特許文献1には、エアバッグの膨張完了時に、膨張遮蔽部において前後方向の端縁側に配置される領域が、車内側に突出して膨張する突出部位を備え、この突出部位は、膨張遮蔽部の領域内において、車内側壁部と車外側壁部とを結合させて構成される閉じ部相互を、閉じ部間の領域を車内側に配置させるようにして、結合させることにより、車内側に突出して配置される構成であるエアバッグ装置が開示されている。この方法によれば、膨張完了時に前後方向の端縁側に配置される領域によって、斜め衝突時に乗員の頭部を的確に保護できる。しかしながら、このエアバッグ装置では、膨張部が増えるので、材料費が増えるとともに使用ガス量も増えてしまう、また、工程も複雑になり、コストアップになるという問題があった。
【先行技術文献】
【特許文献】
【0004】
【文献】特開2016-188056号公報
【発明の概要】
【発明が解決しようとする課題】
【0005】
本発明は、斜め衝突時に乗員の頭部を的確に保護でき、材料や使用ガス量の増加を抑えつつ、また、簡単な構造であるため複雑な工程を必要としない前面配置用のエアバッグを提供することを目的とする。
【課題を解決するための手段】
【0006】
すなわち、本発明は、乗員の前面に配置されるエアバッグであって、乗員側パネルと取付口側パネルとが結合され、乗員側パネルおよび/または取付口側パネルの外面に少なくとも1以上の折り畳まれた保護布が結合されており、保護布に、展開時に保護布が側部エアバッグに張りつく張りつき部が設けられているエアバッグに関する。
【発明の効果】
【0007】
本発明によれば、斜め衝突時に乗員の頭部を的確に保護でき、材料や使用ガス量の増加を抑えつつ、また、簡単な構造であるため複雑な工程を必要としない前面配置用のエアバッグを提供できる。
【図面の簡単な説明】
【0008】
図1】本発明の一実施形態であるエアバッグの設置構造を示す模式断面図である。
図2】本発明の一実施形態であるエアバッグの展開状態を段階的に示す模式断面図である。

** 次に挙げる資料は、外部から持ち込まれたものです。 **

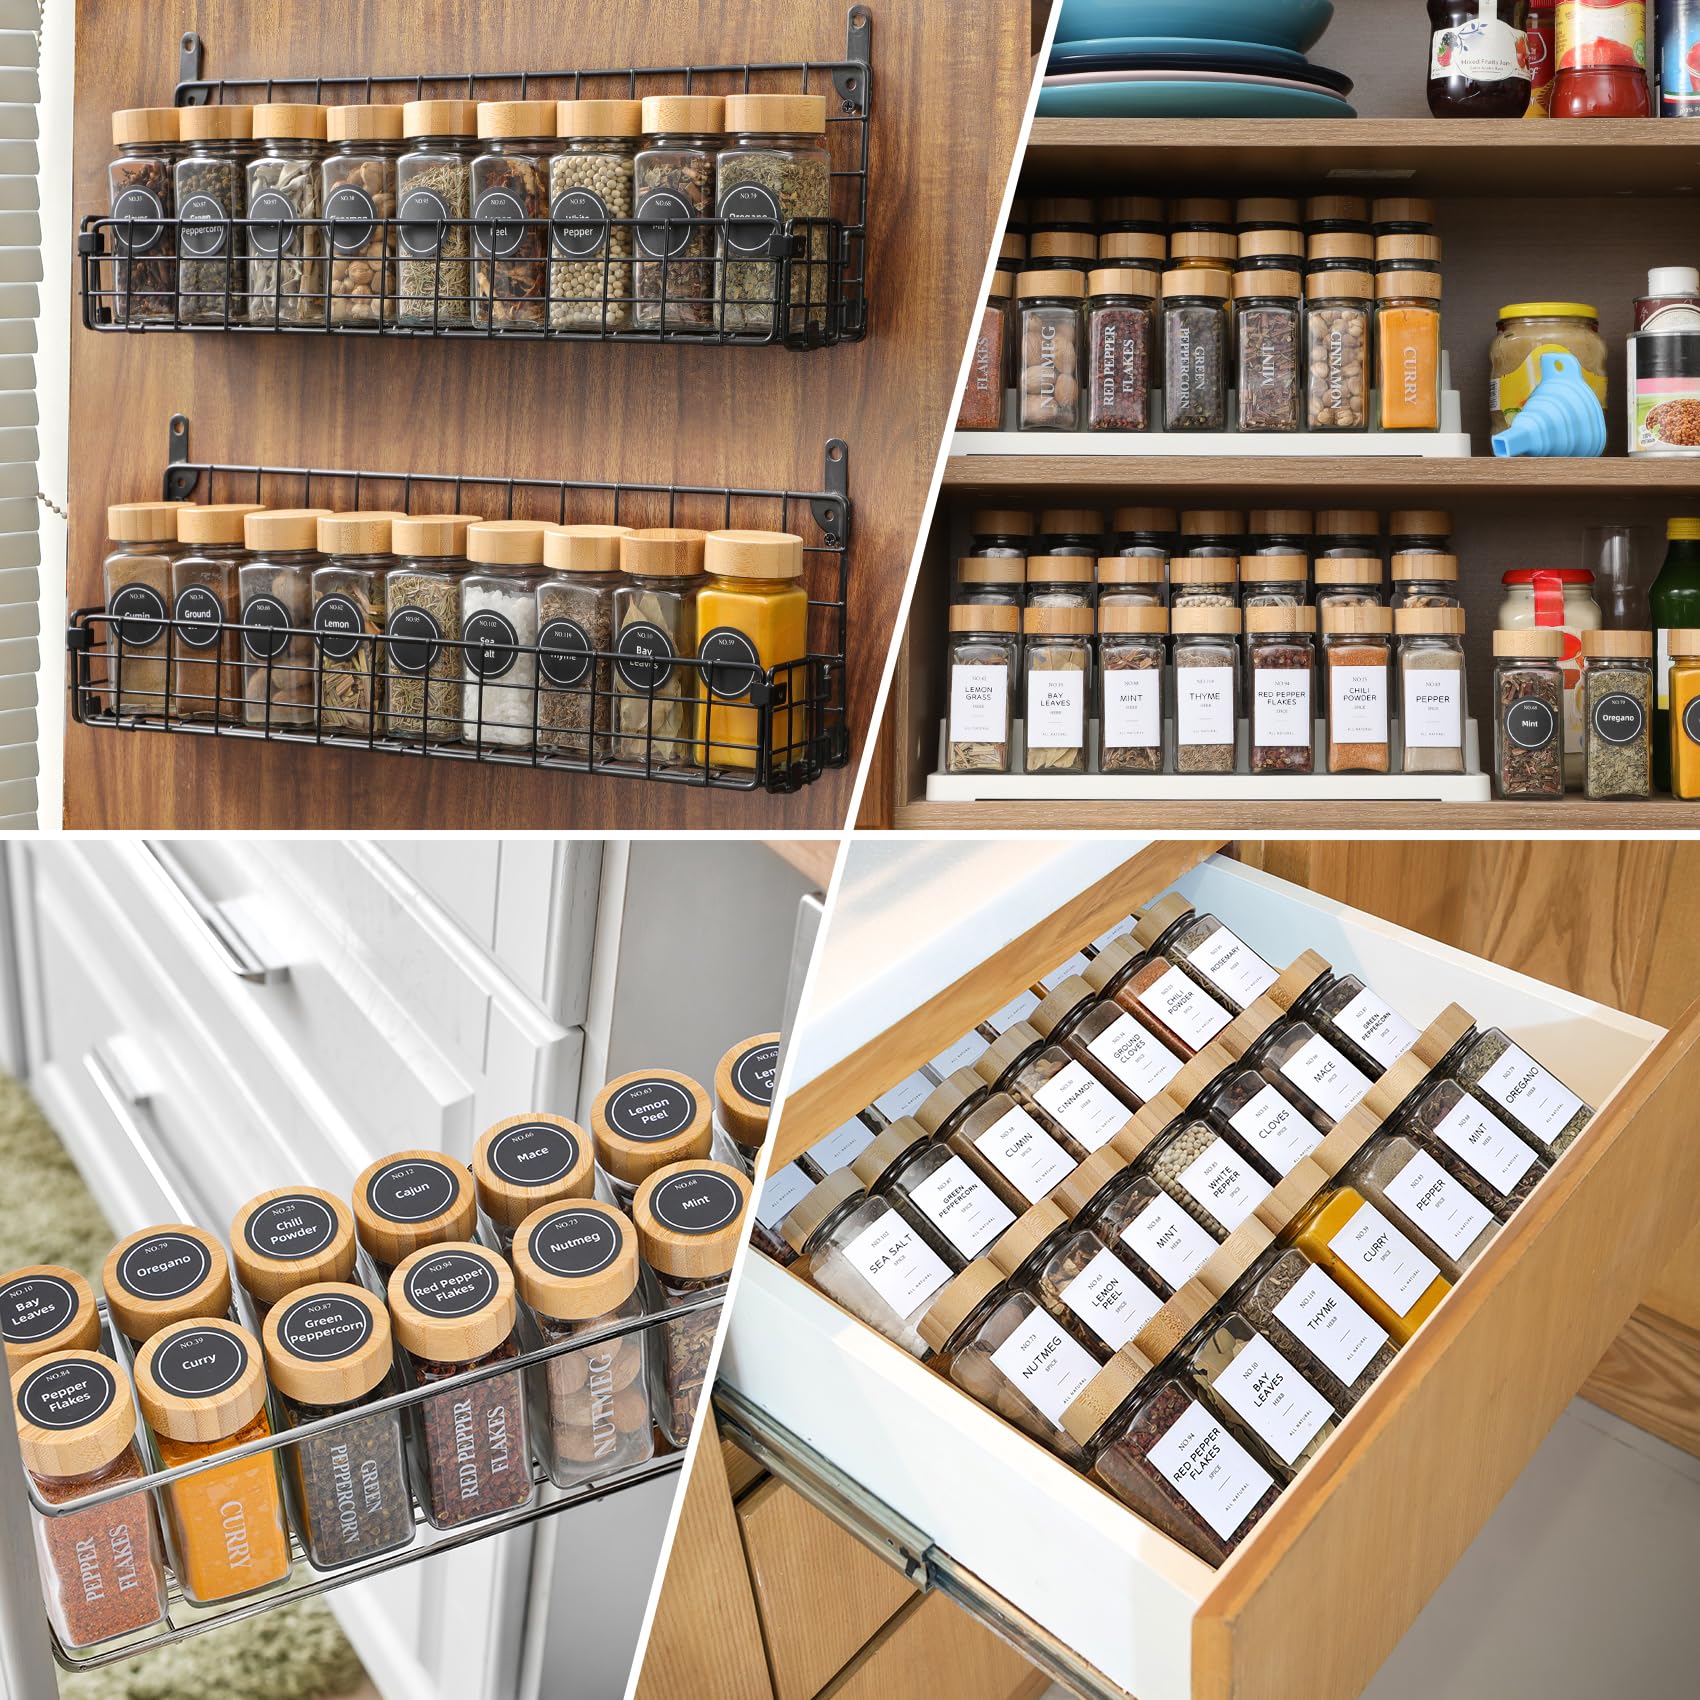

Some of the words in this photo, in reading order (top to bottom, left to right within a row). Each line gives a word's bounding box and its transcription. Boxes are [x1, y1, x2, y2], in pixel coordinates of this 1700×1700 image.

[181, 225, 222, 236] Peppercorn
[563, 227, 593, 238] Pepper
[1103, 326, 1116, 375] PEPPER
[977, 337, 988, 391] FLAKES
[1040, 326, 1056, 408] NUTMEG
[1123, 339, 1134, 393] FLAKES
[1180, 328, 1190, 409] PEPPERCORN
[1195, 346, 1205, 390] GREEN
[1262, 343, 1275, 387] MINT
[1331, 331, 1341, 409] CINNAMON
[1403, 346, 1417, 405] CURRY
[1103, 376, 1114, 406] RED
[185, 609, 211, 619] Ground
[325, 619, 350, 629] Lemon
[482, 650, 495, 658] alt
[636, 645, 653, 657] Bay
[1602, 714, 1634, 722] Oregano
[1210, 946, 1240, 974] ROSEMARY
[1166, 990, 1184, 1007] CHILI
[1168, 991, 1195, 1015] POWDER
[1362, 1012, 1391, 1041] PEPPERCORN
[1363, 1013, 1380, 1030] GREEN
[1113, 1034, 1140, 1060] GROUND
[1120, 1040, 1146, 1064] CLOVES
[1314, 1060, 1336, 1083] MACE
[630, 1087, 653, 1099] NO.63
[1057, 1080, 1095, 1114] CINNAMON
[1505, 1066, 1539, 1104] OREGANO
[628, 1098, 670, 1118] Lemon
[641, 1109, 669, 1125] Peel
[1258, 1109, 1290, 1139] CLOVES
[1468, 1122, 1488, 1145] MINT
[511, 1131, 535, 1144] NO.66
[1005, 1132, 1033, 1158] CUMIN
[517, 1146, 549, 1163] Mace
[391, 1169, 414, 1181] NO.12
[674, 1179, 698, 1192] NO.68
[1208, 1166, 1233, 1190] WHITE
[1213, 1171, 1241, 1198] PEPPER
[395, 1182, 430, 1200] Cajun
[681, 1194, 711, 1210] Mint
[938, 1183, 978, 1218] PEPPERCORN
[943, 1184, 964, 1204] GREEN
[1416, 1179, 1446, 1211] PEPPER
[272, 1204, 296, 1216] NO.25
[270, 1224, 318, 1245] Powder
[276, 1216, 303, 1232] Chili
[555, 1218, 578, 1230] NO.73
[144, 1242, 168, 1254] NO.79
[550, 1230, 601, 1254] Nutmeg
[1156, 1224, 1179, 1249] MINT
[1363, 1232, 1390, 1263] CURRY
[136, 1254, 191, 1277] Oregano
[869, 1255, 890, 1274] SEA
[889, 1233, 913, 1256] SALT
[428, 1261, 452, 1273] NO.94
[9, 1286, 34, 1299] NO.10
[414, 1282, 438, 1297] Red
[439, 1267, 484, 1289] Pepper
[435, 1283, 475, 1302] Flakes
[1092, 1277, 1119, 1307] LEMON
[16, 1297, 40, 1312] Bay
[308, 1303, 332, 1313] NO.87
[1102, 1291, 1123, 1310] PEEL
[11, 1302, 56, 1326] Leaves
[305, 1313, 343, 1329] Green
[1307, 1297, 1337, 1331] THYME
[180, 1337, 204, 1350] NO.39
[290, 1320, 364, 1344] Peppercorn
[1020, 1334, 1037, 1352] NO.73
[182, 1353, 216, 1370] Curry
[1022, 1335, 1062, 1379] NUTMEG
[46, 1369, 70, 1382] NO.84
[1243, 1361, 1259, 1380] NO.10
[1252, 1372, 1269, 1393] BAY
[41, 1380, 88, 1403] Pepper
[49, 1392, 90, 1413] Flakes
[1254, 1373, 1284, 1408] LEAVES
[1272, 1392, 1285, 1406] HERB
[589, 1353, 616, 1458] NUTMEG
[454, 1398, 476, 1463] PEPPER
[1289, 1426, 1298, 1436] ALL
[1296, 1409, 1312, 1427] NATURAL
[487, 1405, 508, 1475] FLAKES
[1178, 1432, 1196, 1452] NO.94
[1173, 1460, 1192, 1482] RED
[1190, 1427, 1221, 1462] PEPPER
[1189, 1444, 1221, 1481] FLAKES
[460, 1464, 479, 1500] RED
[1208, 1464, 1222, 1480] SPICE
[330, 1442, 360, 1544] PEPPERCORN
[360, 1459, 382, 1513] GREEN
[1225, 1502, 1234, 1512] ALL
[1232, 1483, 1249, 1502] NATURAL
[220, 1500, 250, 1570] CURRY
[75, 1536, 104, 1602] PEPPER
[109, 1524, 138, 1593] FLAKES

図3】本発明の一実施形態であるエアバッグが膨張を完了させた状態を示す模式断面図である。
図4】本発明の一実施形態であるエアバッグの保護布との結合位置を説明する模式正面図である。
【発明を実施するための形態】
【0009】
本発明のエアバッグは、乗員の前面に配置されるエアバッグであって、乗員側パネルと取付口側パネルとが結合され、乗員側パネルおよび/または取付口側パネルの外面に少なくとも1以上の折り畳まれた保護布が結合されており、保護布には、展開時に保護布が側部エアバッグに張りつく張りつき部が設けられている。
【0010】
以下、本発明の実施形態の一例について図面を参照しながら説明する。なお、図1では、乗員の前面に配置される前面配置用エアバッグ(以後、単にエアバッグともいう)の設置構造の一例を示している。エアバッグ1は折り畳まれてエアバッグカバー5内に収納されており、エアバッグカバー5は、膨出用ガスを噴出するインフレータ4、エアバッグ1、保護布2を含む部品を覆うようにして、ステアリング取付具に固定されている。保護布2は、エアバッグ1の側部側外面に結合され、エアバッグ1と共に折り畳まれている。なお、エアバッグ1は、インフレータ設置用開口部を備えた取付口側パネル6と、乗員側パネル7とを向い合わせにし、それぞれの周縁部を結合してなる(図3参照)。
【0011】
本発明のエアバッグ1は、取付口側パネル6および/または乗員側パネル7の外面に保護布2が結合されており、エアバッグ1に結合された保護布2の収納方法は、ロール状に巻いて折り畳んでも、ジャバラ状に折り畳んでもよい。ロール状に折り畳む場合には、図1図2に例示するように、エアバッグ1に沿わせながらエアバッグ1の中央に向かって折り曲げ、巻くようにすれば、展開しやすくなり好ましい。
【0012】
図2は、エアバッグ1の展開状態の一例を示すものであり、展開状態を段階的に示している。図2の例では、保護布2は取付口側パネル6の外面に結合されている。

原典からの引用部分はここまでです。